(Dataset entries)
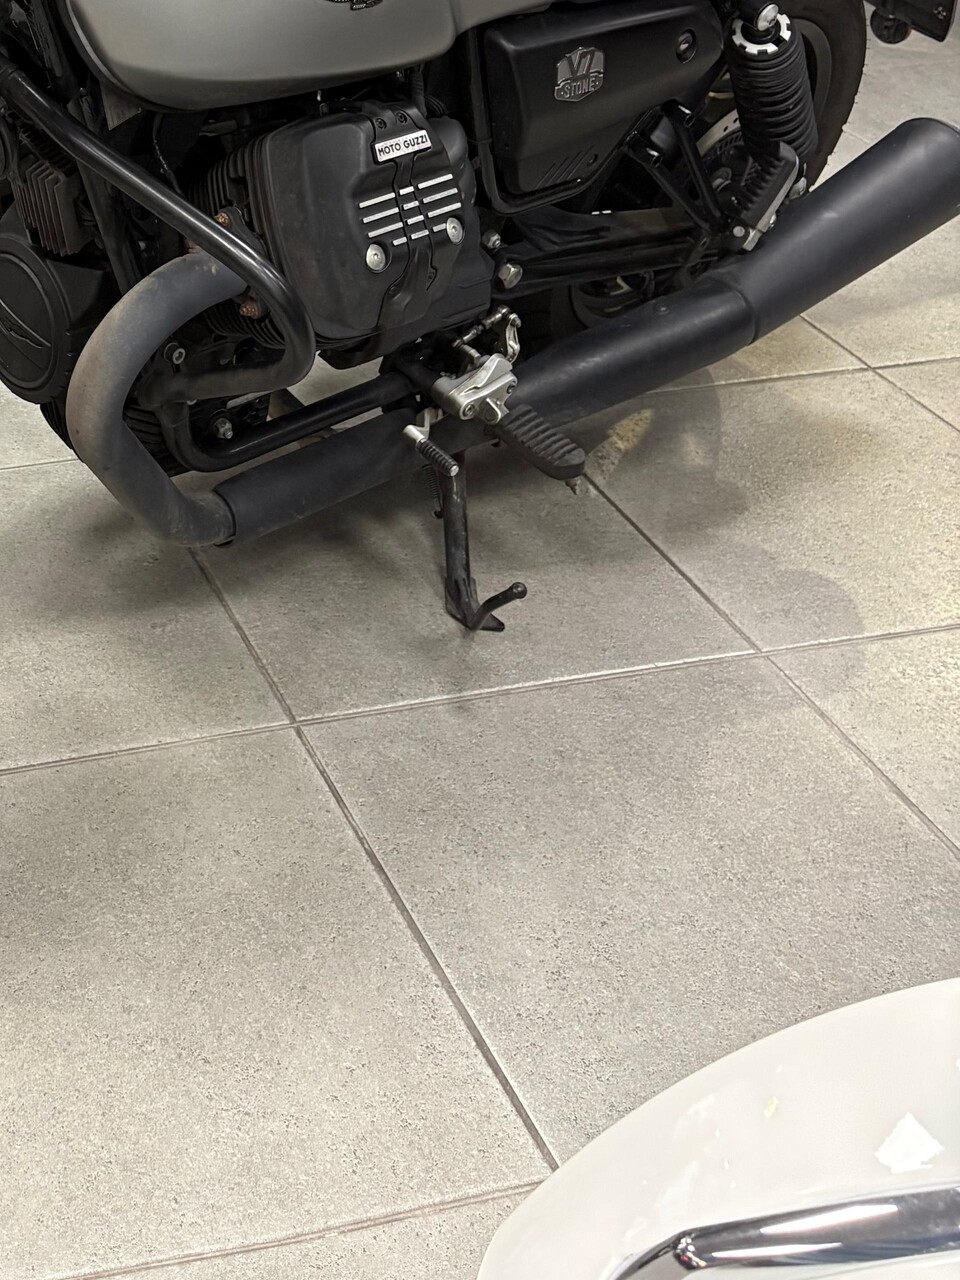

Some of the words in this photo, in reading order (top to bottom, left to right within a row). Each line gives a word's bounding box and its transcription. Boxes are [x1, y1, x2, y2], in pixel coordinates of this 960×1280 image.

[567, 49, 596, 78] V7
[563, 77, 596, 99] STONE
[377, 142, 401, 157] MOTO
[403, 134, 428, 149] GUZZI
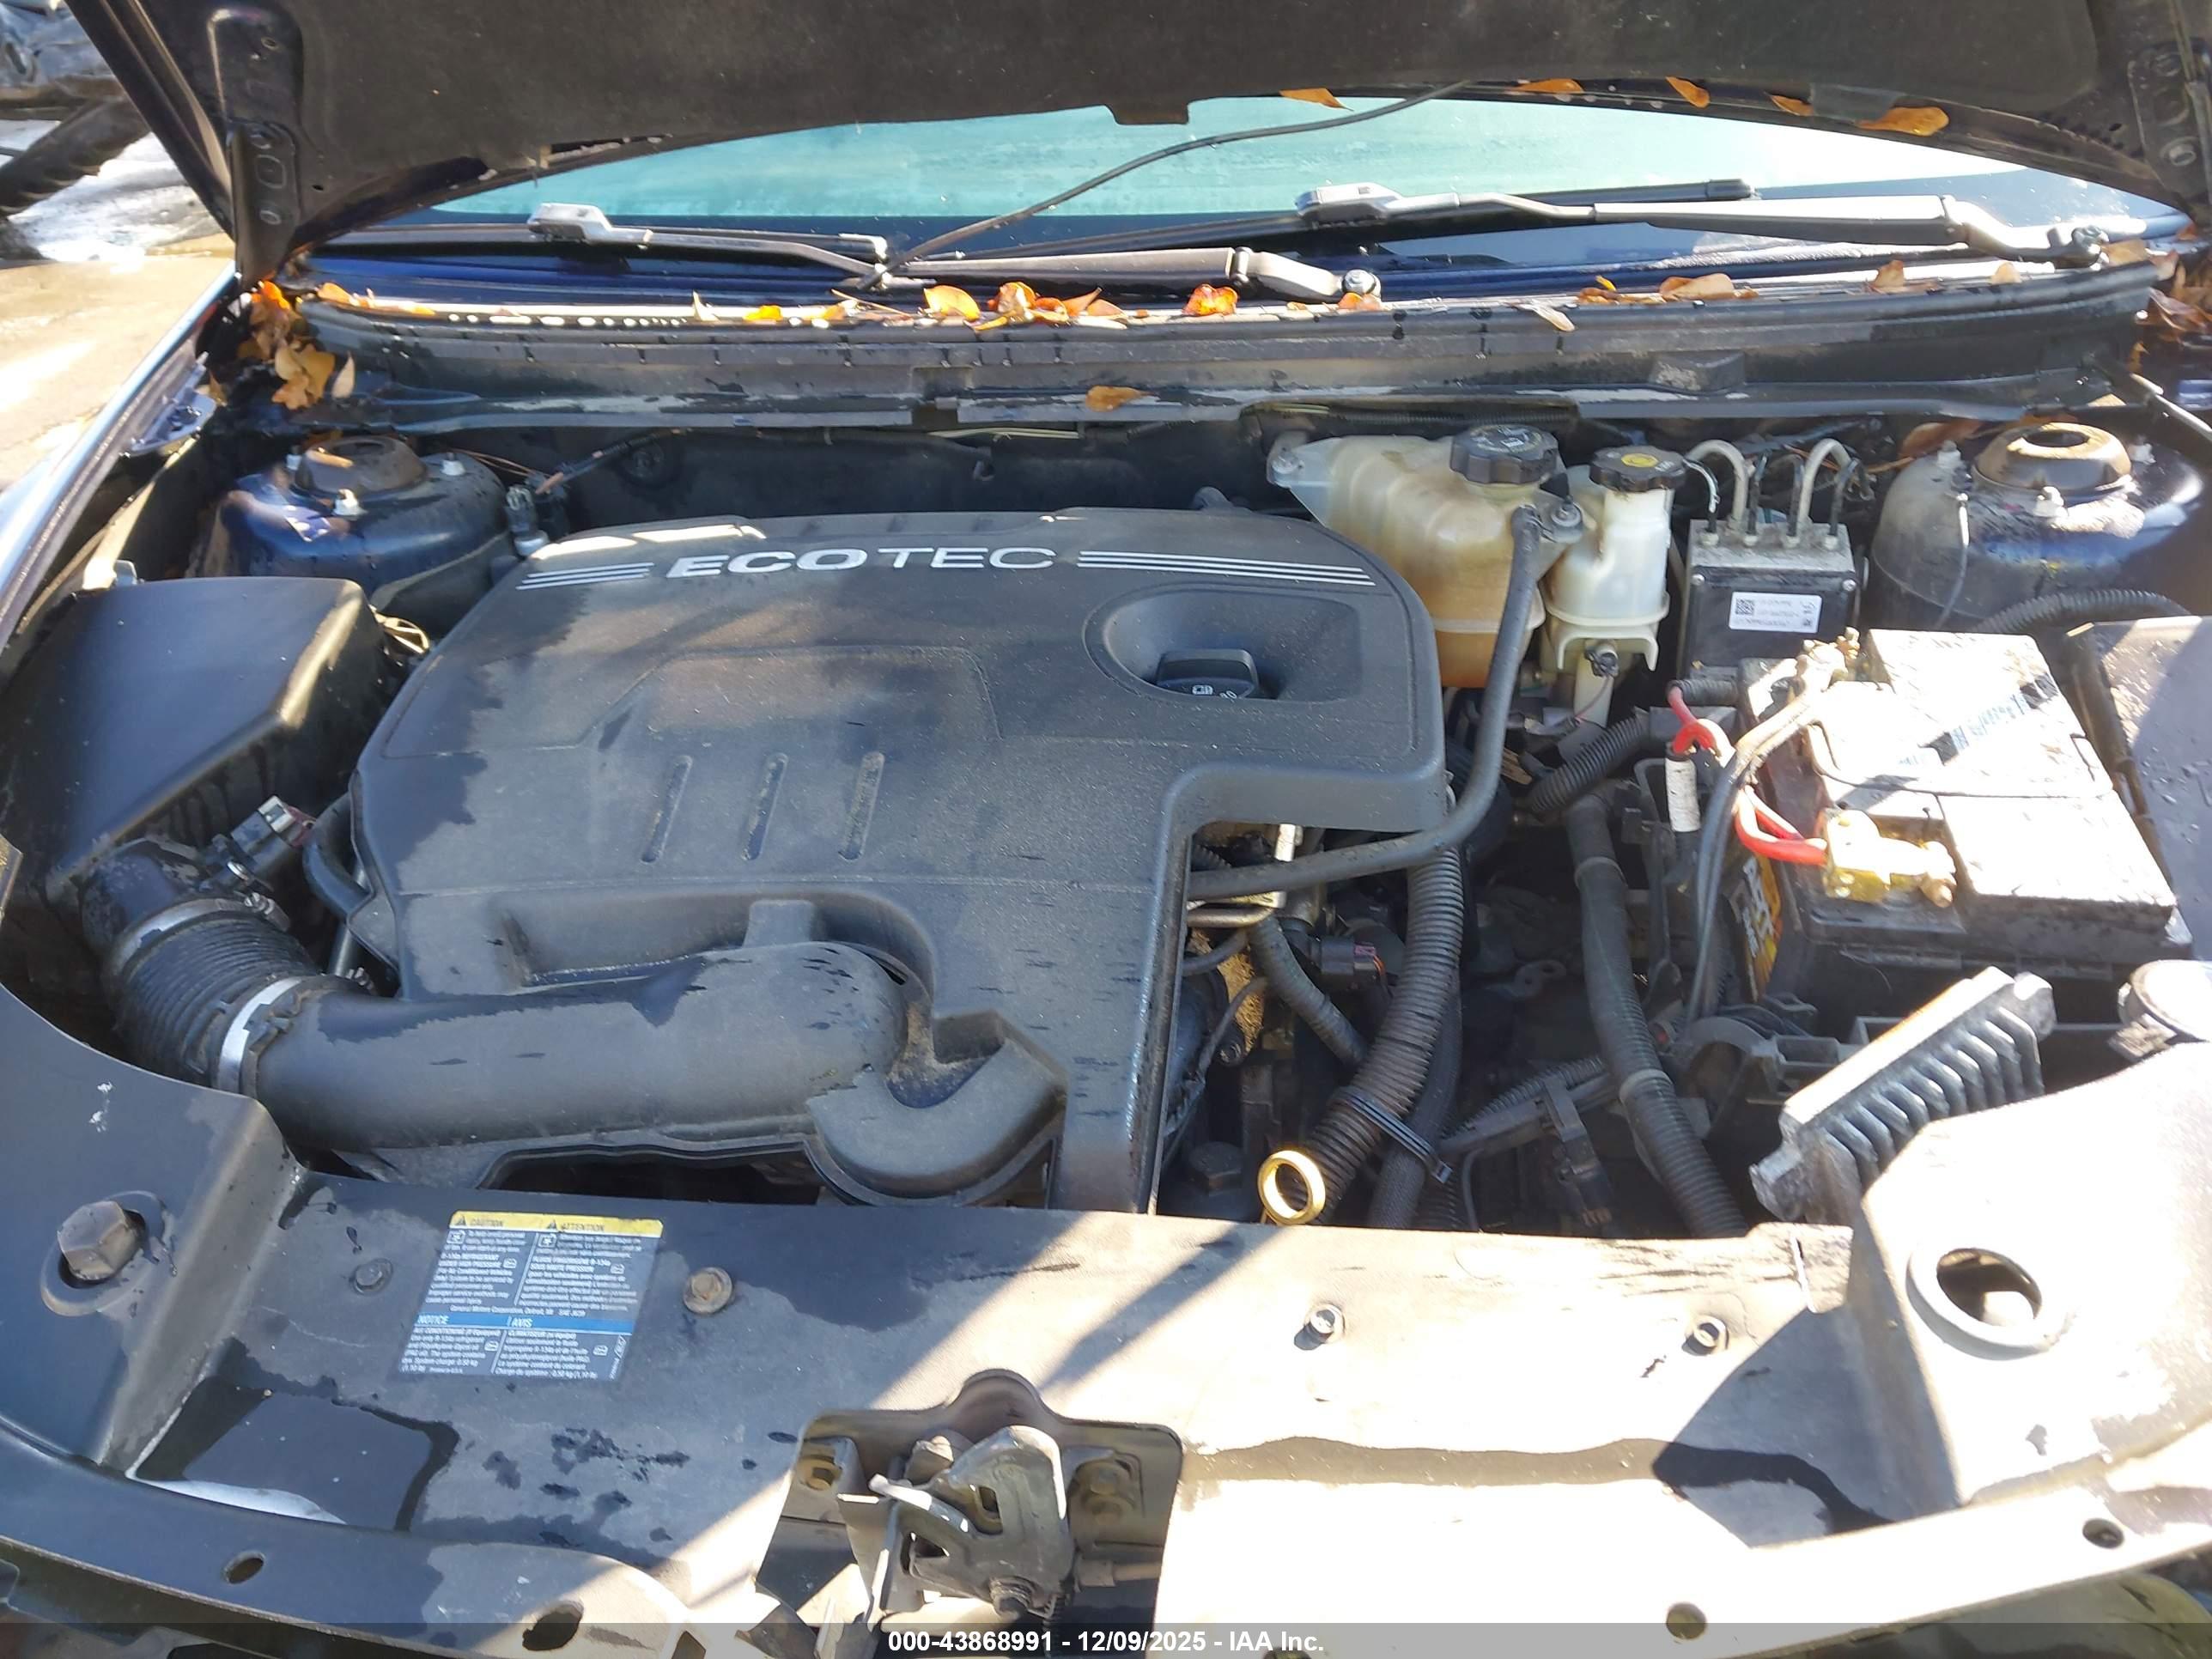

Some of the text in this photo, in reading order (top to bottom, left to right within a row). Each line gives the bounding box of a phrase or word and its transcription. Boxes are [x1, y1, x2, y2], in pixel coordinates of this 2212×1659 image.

[666, 547, 1056, 579] ECOTEC
[470, 1218, 504, 1226] CAUTION
[561, 1222, 605, 1231] ATTENTION
[416, 1315, 449, 1325] NOTICE
[510, 1317, 533, 1328] AVIS
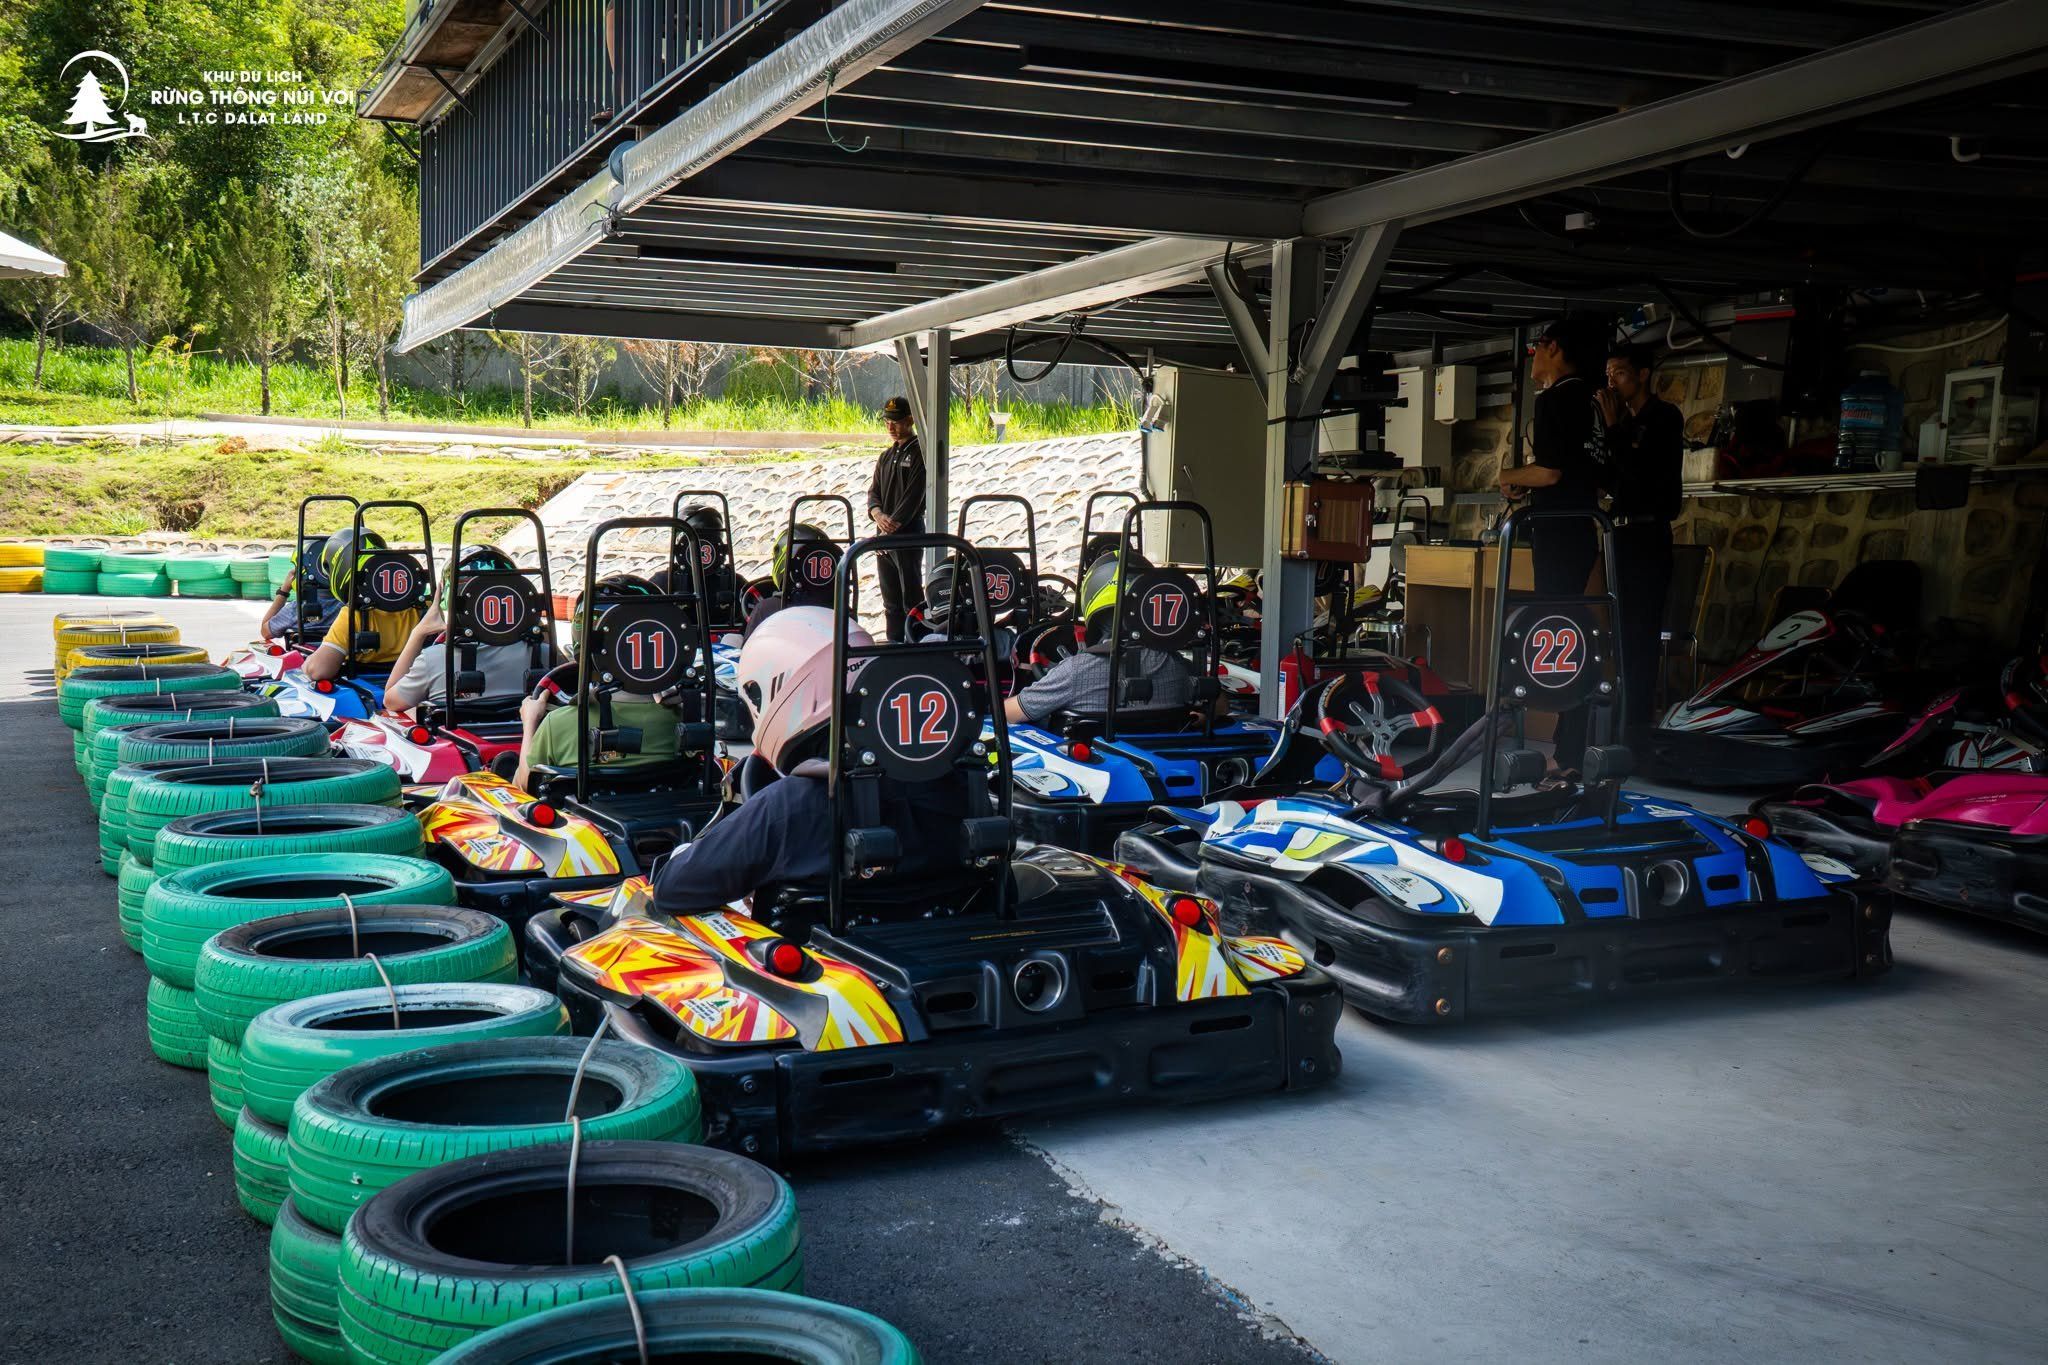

▶ **Task to complete**: Exactly as they appear above, write out all the entries, but not the images.

▶ **The completed task**:
Some of the words in this photo, in reading order (top to bottom, left to right within a row). Each line gives a word's bounding box and its transcription. Boxes are [x1, y1, x2, y2], in pixel coordinates of this 960×1280 image.

[567, 49, 596, 78] V7
[563, 77, 596, 99] STONE
[377, 142, 401, 157] MOTO
[403, 134, 428, 149] GUZZI

Some of the text in this photo, in reading order (top to bottom, left to right within a row). Each line gives the bounding box of a phrase or word and its transcription. Boxes are [x1, y1, x2, y2], in pixel coordinates of this 2212×1659 image.

[666, 547, 1056, 579] ECOTEC
[470, 1218, 504, 1226] CAUTION
[561, 1222, 605, 1231] ATTENTION
[416, 1315, 449, 1325] NOTICE
[510, 1317, 533, 1328] AVIS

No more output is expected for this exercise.